La voluntad de Ísrael de aplicar la ley de la 'responsabilidad colectiva' con la intención de expulsar a los parientes de los supuestos 'terroristas', el bombardeo de Gaza del 23 de julio, están en la tradición de esa estrategia de castigo colectivo propia de los imperialismos y colonialismos más salvajes de la Historia. Los palestinos, pueblo mártir, se ven así empujados a reaccíonar violenta y sangrientamente. En esto estriban la tragedia y la trampa de este conflicto hoy podrido.

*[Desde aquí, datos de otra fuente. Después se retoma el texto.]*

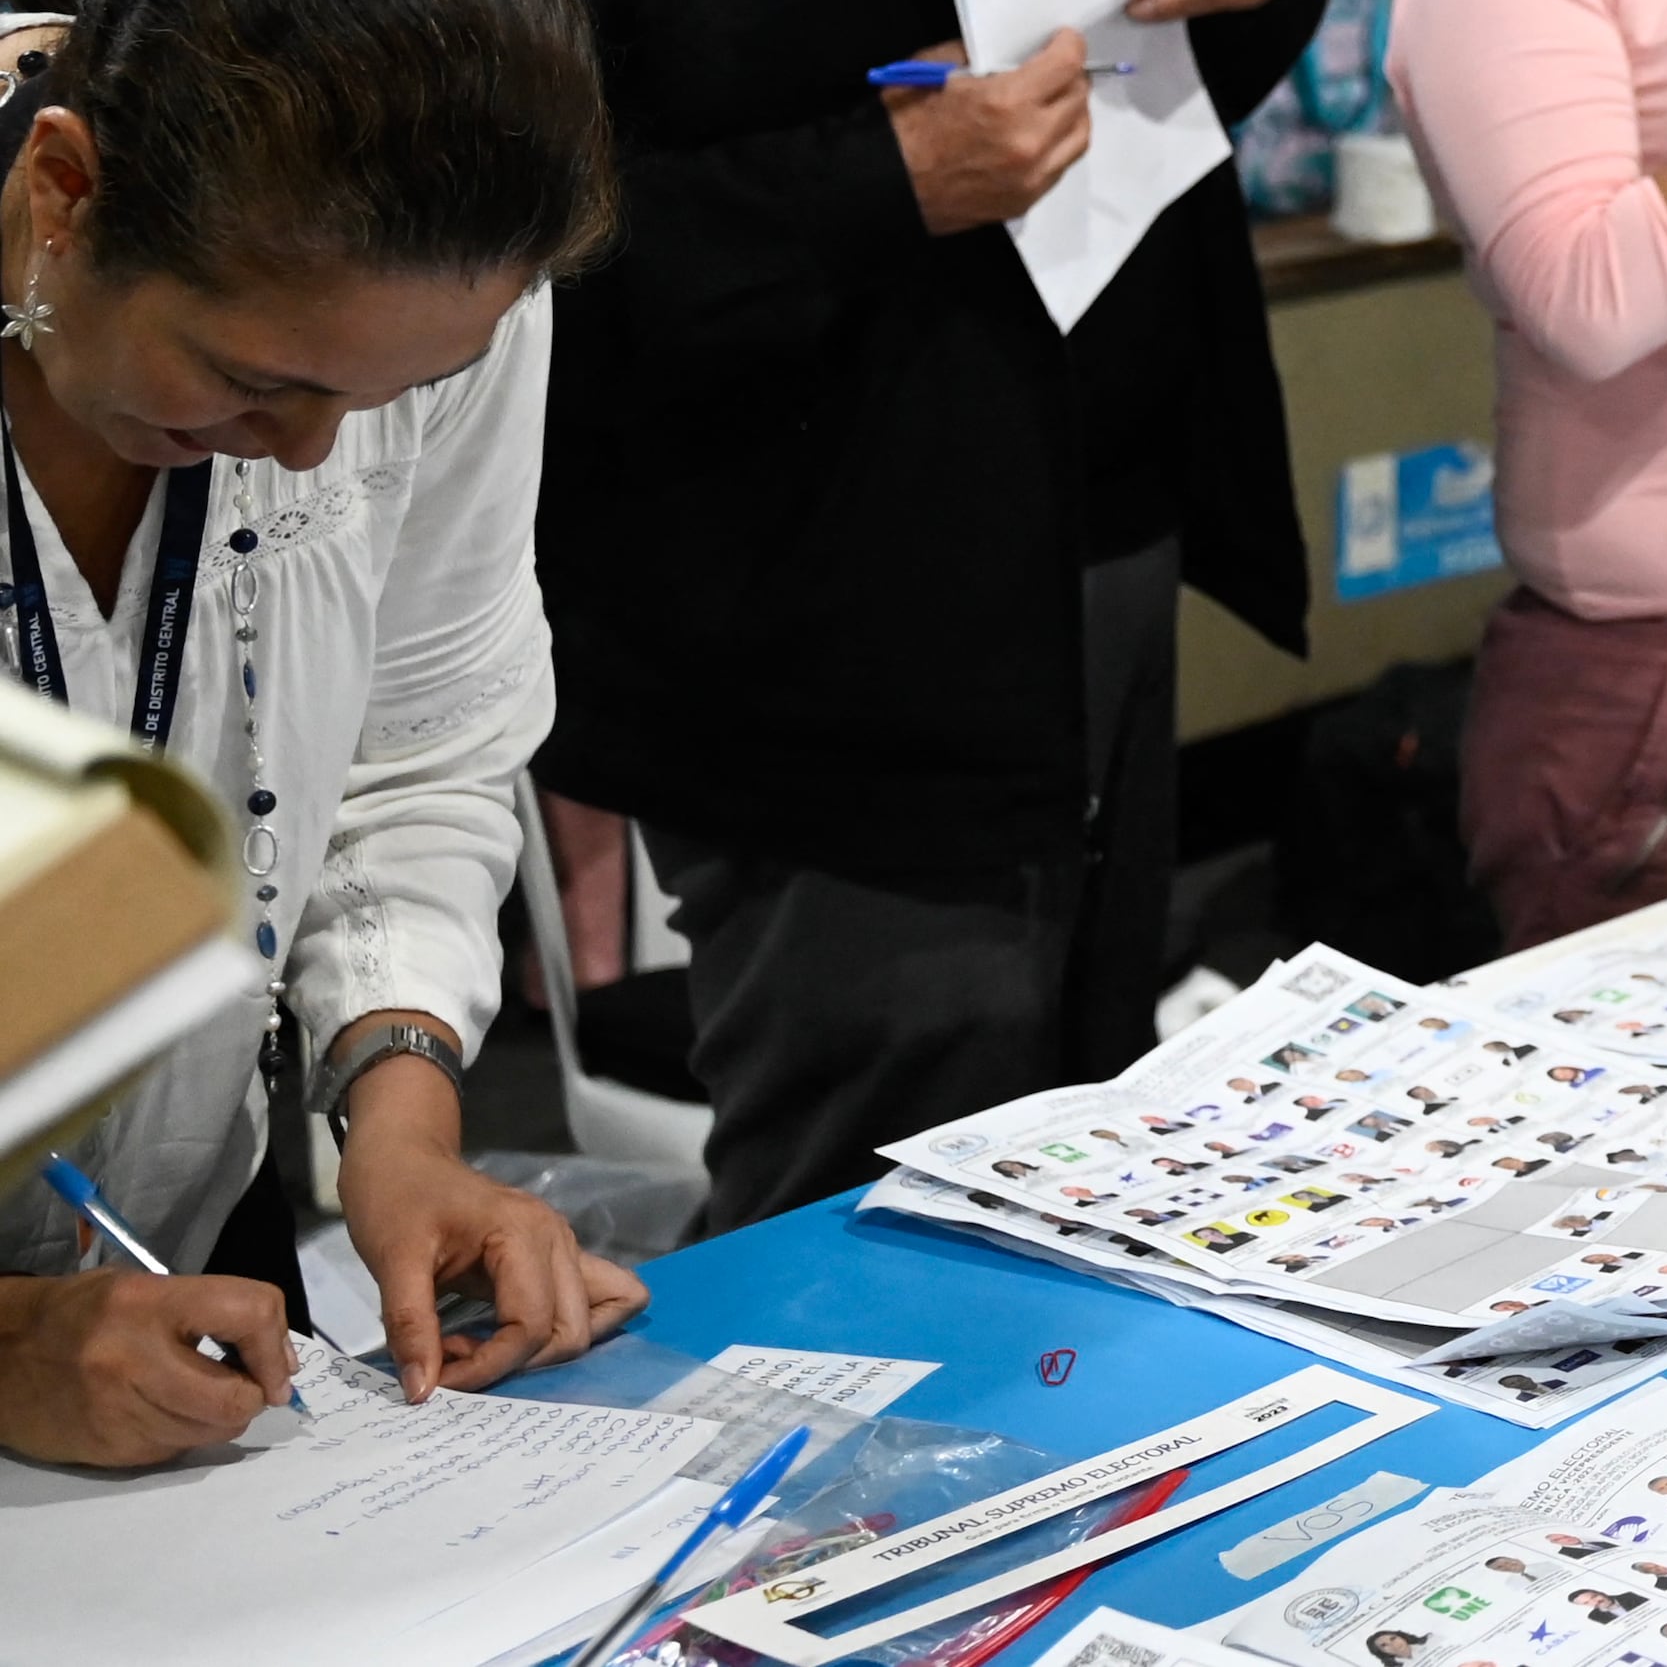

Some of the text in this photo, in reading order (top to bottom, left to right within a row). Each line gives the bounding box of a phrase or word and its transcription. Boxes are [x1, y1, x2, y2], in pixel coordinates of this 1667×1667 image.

[159, 588, 180, 649] CENTRAL
[29, 611, 48, 673] CENTRAL
[149, 652, 169, 710] DISTRITO
[145, 713, 160, 731] DE
[808, 1364, 826, 1376] EL
[832, 1360, 898, 1402] ADJUNTA
[842, 1360, 864, 1375] LA
[1253, 1405, 1288, 1422] 2023
[1549, 1427, 1626, 1480] ELECTORAL
[872, 1434, 1203, 1562] TRIBUNAL SUPREMO ELECTORAL
[1263, 1498, 1373, 1542] VOS
[1449, 1596, 1493, 1622] UNE
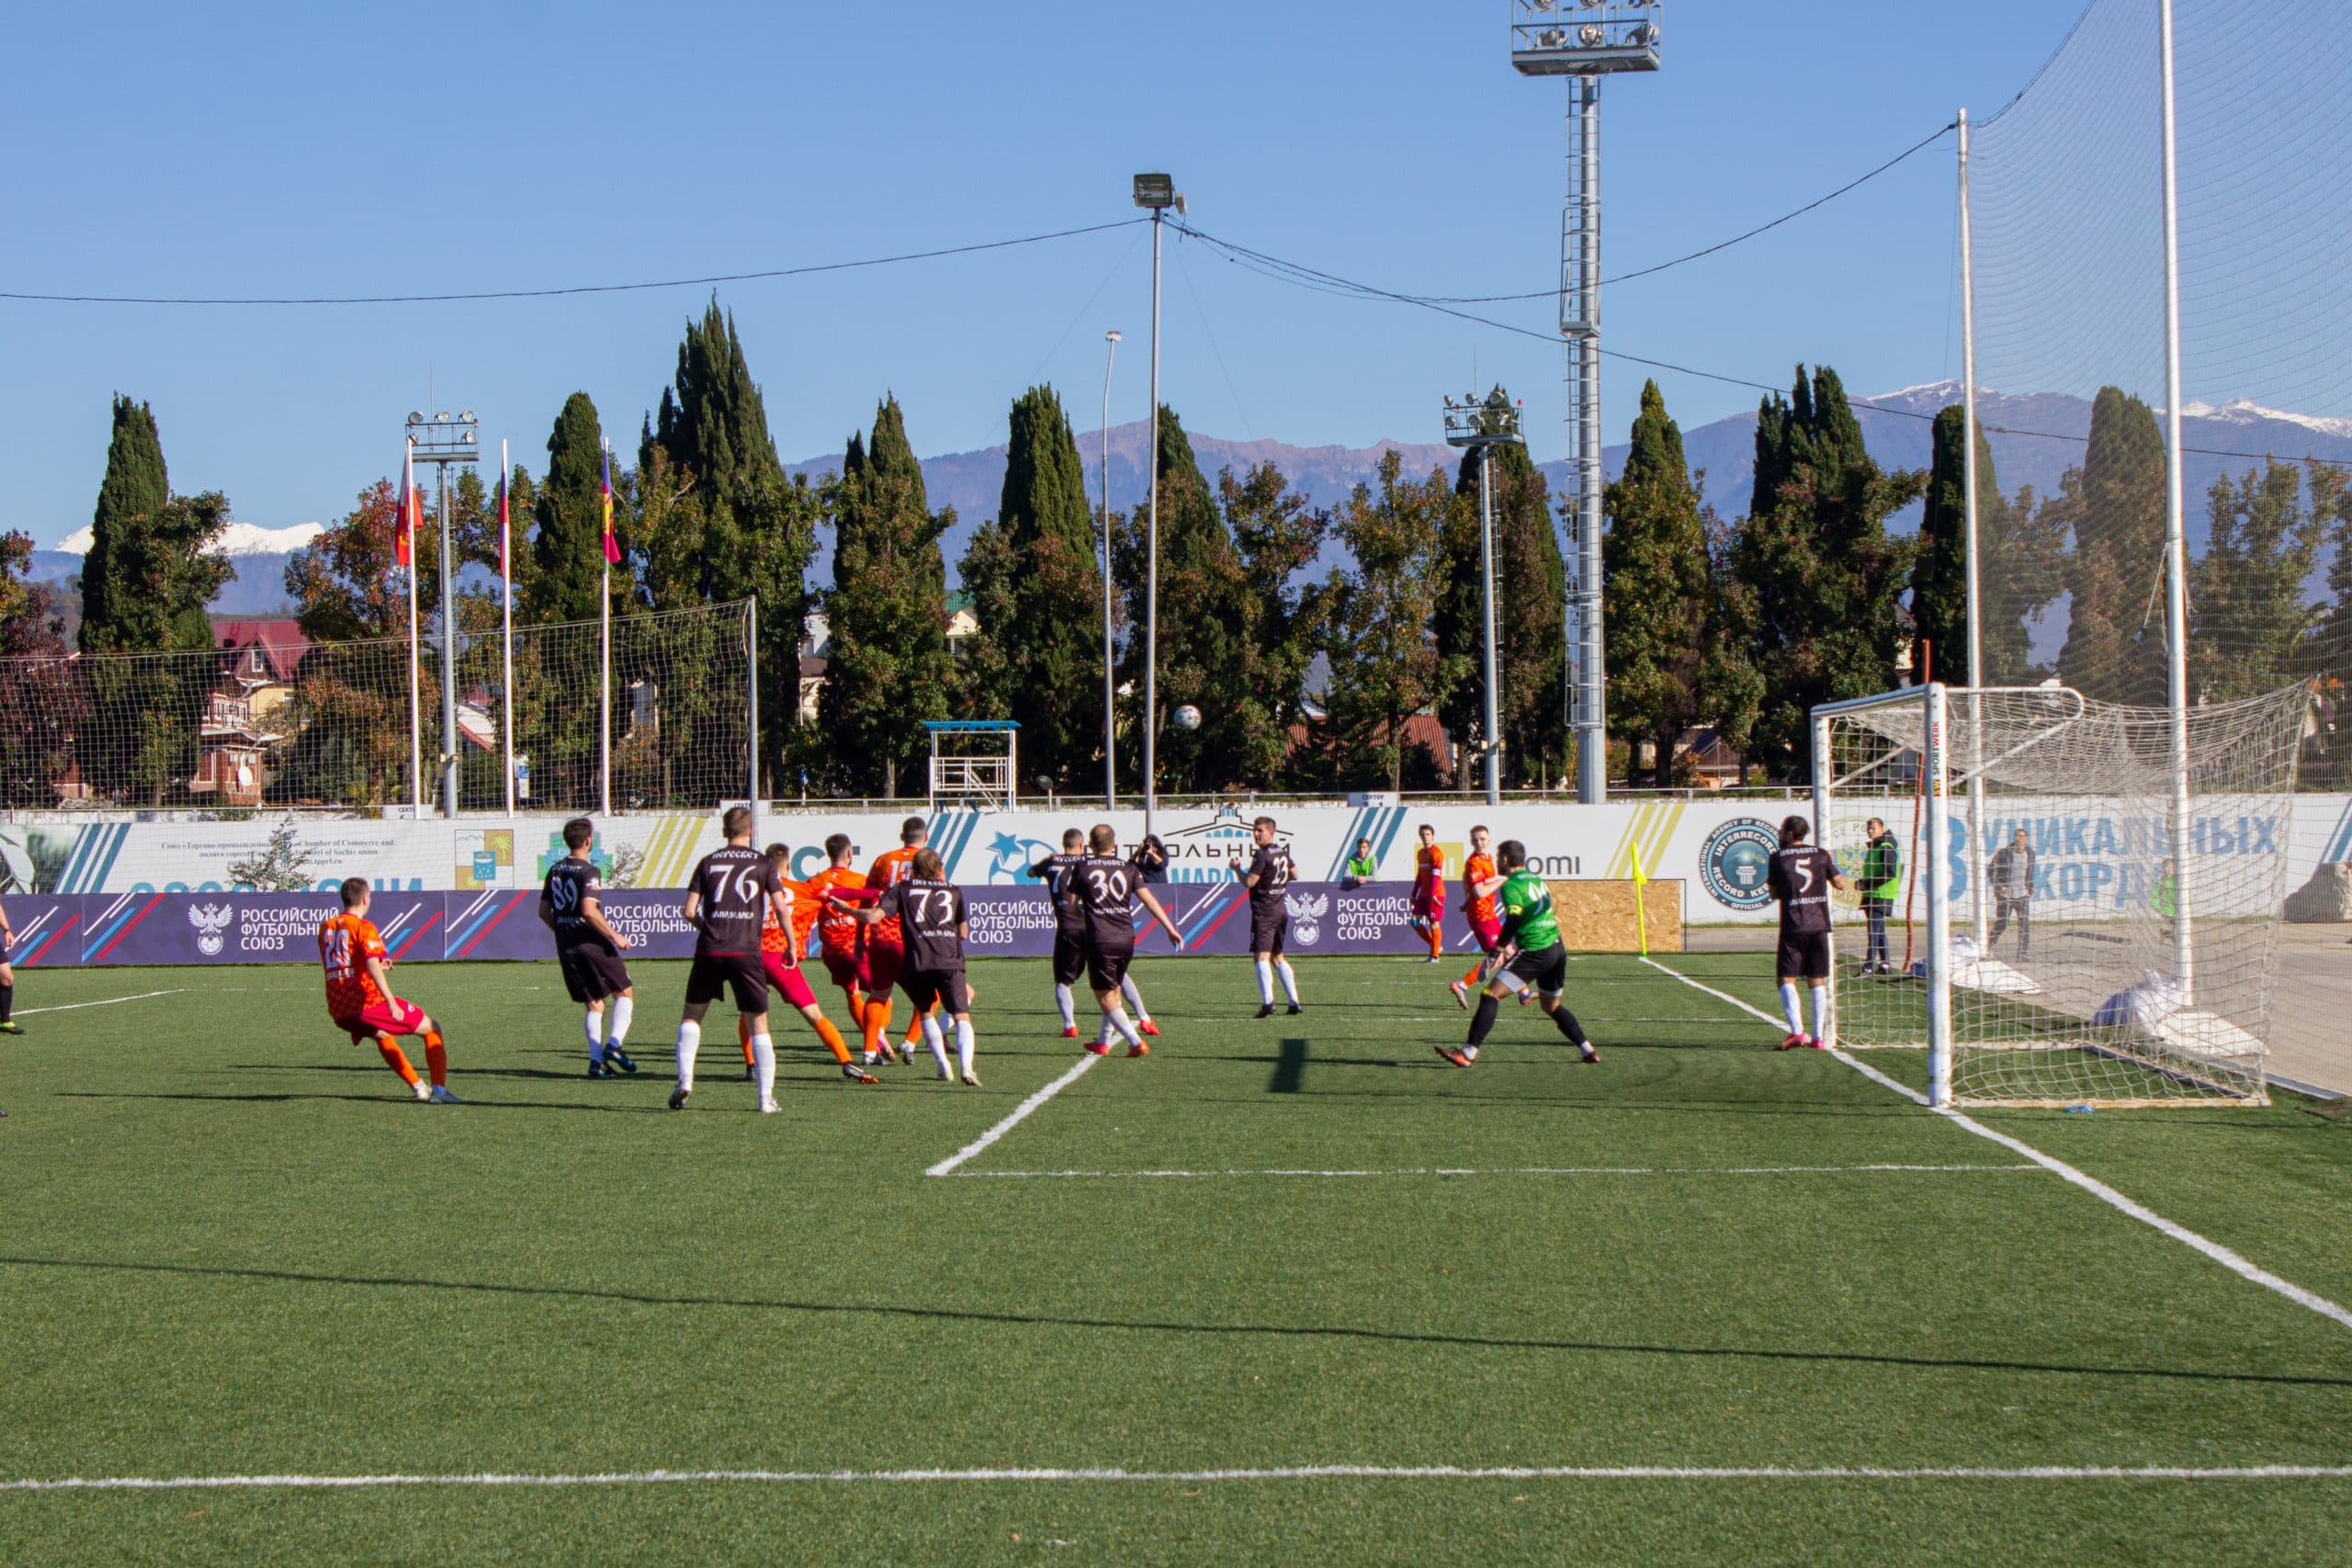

Desde la creación del Estado de Israel en 1948, denominado el año de la 'Catástrofe' por los palestinos, éstos emprendieron un largo camino que les ha llevado, a costa de infinitos sufrimientos, a alejar el peligro de erradicación que les amenazaba, a emanciparse de la tutela manipuladora de los países árabes y a obtener finalmente el estatuto de pueblo cuya vocación estatal y nacional ya es mundialmente reconocida. Pero, ¿han dejado atrás la Catástrofe'? Hoy sería aventurado responder de modo afirmativo. Y no únicamente por la agresión continuada de que son víctimas, sino tal vez, lo que es más grave, por un defecto que les es consustancial y que, en pocas palabras, reside en ellos mismos.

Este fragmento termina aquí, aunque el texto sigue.